NH4+–N is the major nitrogen form in wastewater, so TN removal mainly relies on NH4+–N removal (Table 2). NH4+–N concentration gradually decreased from about 6.0 mg L−1 to below 0.1 mg L−1 (Table 2), reaching the Grade II according to CSWEQS. In the duckweed pond, NH4+–N can be removed by both duckweed uptake and bacterial transformation (nitrification/denitrification).31,33–35 Some studies suggested that aquatic plants promote both nitrification (NH4+–N to NO3–N and NO2–N) and denitrification (NO3–N and NO2–N to N2) in the rhizosphere.36–39 In this study, the NOx–N concentration increased in the first few days. For instance, in S. polyrhiza K1, its NOx–N increased from 0.03 to 0.71 mg L−1 in the first 8 days (Table 2), indicating that microbial nitrification prevailed over denitrification in the duckweed systems. This was probably because aerobic conditions were formed in the rhizosphere by duckweed photosynthesis, and anaerobic nitrate removal by denitrifying bacteria was hindered.40 Previous studies reported that duckweeds preferred to take up NH4+–N over NO3–N when both nitrogen sources were available.41–44 When NH4+–N was consumed, the NOx–N gradually decreased in the final several days of experiment (Table 2).
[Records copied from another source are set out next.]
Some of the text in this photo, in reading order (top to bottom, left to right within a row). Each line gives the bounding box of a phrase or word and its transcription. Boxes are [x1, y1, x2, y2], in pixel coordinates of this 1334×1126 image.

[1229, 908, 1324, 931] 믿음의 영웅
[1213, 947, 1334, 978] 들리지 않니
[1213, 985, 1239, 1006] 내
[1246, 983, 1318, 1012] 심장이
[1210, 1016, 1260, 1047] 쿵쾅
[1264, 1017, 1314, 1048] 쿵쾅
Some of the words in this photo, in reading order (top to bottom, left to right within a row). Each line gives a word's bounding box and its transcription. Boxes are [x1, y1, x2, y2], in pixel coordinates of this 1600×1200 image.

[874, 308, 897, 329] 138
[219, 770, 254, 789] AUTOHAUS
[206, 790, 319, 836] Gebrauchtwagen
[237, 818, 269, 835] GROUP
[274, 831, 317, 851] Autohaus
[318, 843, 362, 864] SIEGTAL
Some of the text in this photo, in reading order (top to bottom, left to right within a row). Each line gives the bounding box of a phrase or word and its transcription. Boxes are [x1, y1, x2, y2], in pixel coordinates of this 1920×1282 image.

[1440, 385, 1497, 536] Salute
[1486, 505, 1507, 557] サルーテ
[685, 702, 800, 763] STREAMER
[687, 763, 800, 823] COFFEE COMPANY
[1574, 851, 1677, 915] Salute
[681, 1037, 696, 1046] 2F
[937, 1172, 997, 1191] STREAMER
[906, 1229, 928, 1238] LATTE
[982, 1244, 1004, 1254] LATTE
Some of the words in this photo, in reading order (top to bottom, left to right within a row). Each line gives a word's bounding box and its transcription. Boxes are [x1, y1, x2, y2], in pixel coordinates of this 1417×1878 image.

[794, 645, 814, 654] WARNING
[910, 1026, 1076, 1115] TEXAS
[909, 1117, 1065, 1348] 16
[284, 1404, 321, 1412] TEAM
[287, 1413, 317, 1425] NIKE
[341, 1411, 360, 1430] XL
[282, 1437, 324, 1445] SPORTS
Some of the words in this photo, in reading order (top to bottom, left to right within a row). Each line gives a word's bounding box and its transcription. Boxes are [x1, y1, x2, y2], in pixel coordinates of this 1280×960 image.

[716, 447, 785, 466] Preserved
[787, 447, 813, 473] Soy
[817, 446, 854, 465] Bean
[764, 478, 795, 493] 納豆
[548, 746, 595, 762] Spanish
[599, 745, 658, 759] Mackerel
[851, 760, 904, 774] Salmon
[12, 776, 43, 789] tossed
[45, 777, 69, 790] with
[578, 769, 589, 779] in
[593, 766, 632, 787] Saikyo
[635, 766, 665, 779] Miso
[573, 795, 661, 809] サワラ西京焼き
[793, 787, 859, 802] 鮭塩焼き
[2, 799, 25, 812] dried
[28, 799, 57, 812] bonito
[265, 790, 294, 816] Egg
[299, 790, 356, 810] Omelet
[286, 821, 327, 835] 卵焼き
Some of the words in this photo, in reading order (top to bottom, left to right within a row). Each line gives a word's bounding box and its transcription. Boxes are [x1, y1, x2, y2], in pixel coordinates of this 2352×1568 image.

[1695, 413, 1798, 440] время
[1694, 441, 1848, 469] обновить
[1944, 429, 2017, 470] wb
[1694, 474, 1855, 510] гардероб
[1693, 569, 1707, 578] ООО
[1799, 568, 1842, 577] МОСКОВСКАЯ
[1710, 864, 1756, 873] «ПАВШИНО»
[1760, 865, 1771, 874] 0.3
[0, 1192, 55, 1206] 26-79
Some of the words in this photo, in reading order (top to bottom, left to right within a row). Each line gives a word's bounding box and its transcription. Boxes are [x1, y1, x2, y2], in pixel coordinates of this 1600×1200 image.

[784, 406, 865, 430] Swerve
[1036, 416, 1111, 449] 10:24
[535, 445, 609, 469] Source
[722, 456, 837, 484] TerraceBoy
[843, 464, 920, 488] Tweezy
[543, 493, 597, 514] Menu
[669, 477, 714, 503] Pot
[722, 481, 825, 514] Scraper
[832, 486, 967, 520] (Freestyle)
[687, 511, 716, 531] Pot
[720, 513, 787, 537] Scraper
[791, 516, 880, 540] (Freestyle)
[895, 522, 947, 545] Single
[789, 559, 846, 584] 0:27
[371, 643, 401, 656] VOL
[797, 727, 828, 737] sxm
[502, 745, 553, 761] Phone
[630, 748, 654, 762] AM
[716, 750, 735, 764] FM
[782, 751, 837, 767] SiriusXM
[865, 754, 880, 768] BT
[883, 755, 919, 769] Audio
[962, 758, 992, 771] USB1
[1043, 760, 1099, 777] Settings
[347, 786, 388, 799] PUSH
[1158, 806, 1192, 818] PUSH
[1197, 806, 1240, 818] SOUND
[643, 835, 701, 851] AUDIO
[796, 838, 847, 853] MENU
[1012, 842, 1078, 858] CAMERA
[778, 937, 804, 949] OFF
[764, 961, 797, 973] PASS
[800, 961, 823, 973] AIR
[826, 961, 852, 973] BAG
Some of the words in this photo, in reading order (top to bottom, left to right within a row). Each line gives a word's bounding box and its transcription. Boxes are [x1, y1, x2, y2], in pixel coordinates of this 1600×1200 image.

Duckweed uptake and microbial denitrification likely contributed to the ultimate removal of nitrogen.

As evidenced by previous studies, microbial nitrification and denitrification occurred in duckweed system.20,45 For instance, Teles et al. found that 40 genera of bacteria exhibited high abundance in duckweed system, including functional groups as nitrifying bacteria (Nitrospira and Nitrosomonas) and denitrifying bacteria (Rhodopseudomonas).20 However, unlike activated sludge system, microbial nitrification/denitrification was the predominant route of N removal.6 Duckweed uptake, which was far beyond microbial contribution, was the main way to N removal in duckweed system.20

In the first 10 days, the TN concentration in the S. polyrhiza K1-based system decreased below 1.5 mg L−1 (corresponded to the standard of Grade IV which is mainly applicable to the water areas for industrial use according to CSWEQS), while TN concentrations of L. minor K2, L. punctata K3 and the polyculture duckweed were all over 1.5 mg L−1 (Table 2). Then TN concentration gradually declined to below 1.0 mg L−1 at the end of the experiment, with the highest TN removal efficiency of 98.8% for S. polyrhiza K1, 98.5% for L. minor K2 and 95.6% for L. punctata K3 and 99.1% for the polyculture, respectively (Fig. 2). The results indicated for both monocultures and polyculture, duckweed treatment systems in this study achieved high nitrogen removal. Most nitrogen presented as ammonium in this study. Ammonia nitrogen is easily absorbed by duckweed,46 thereby led to high nitrogen removal efficiency.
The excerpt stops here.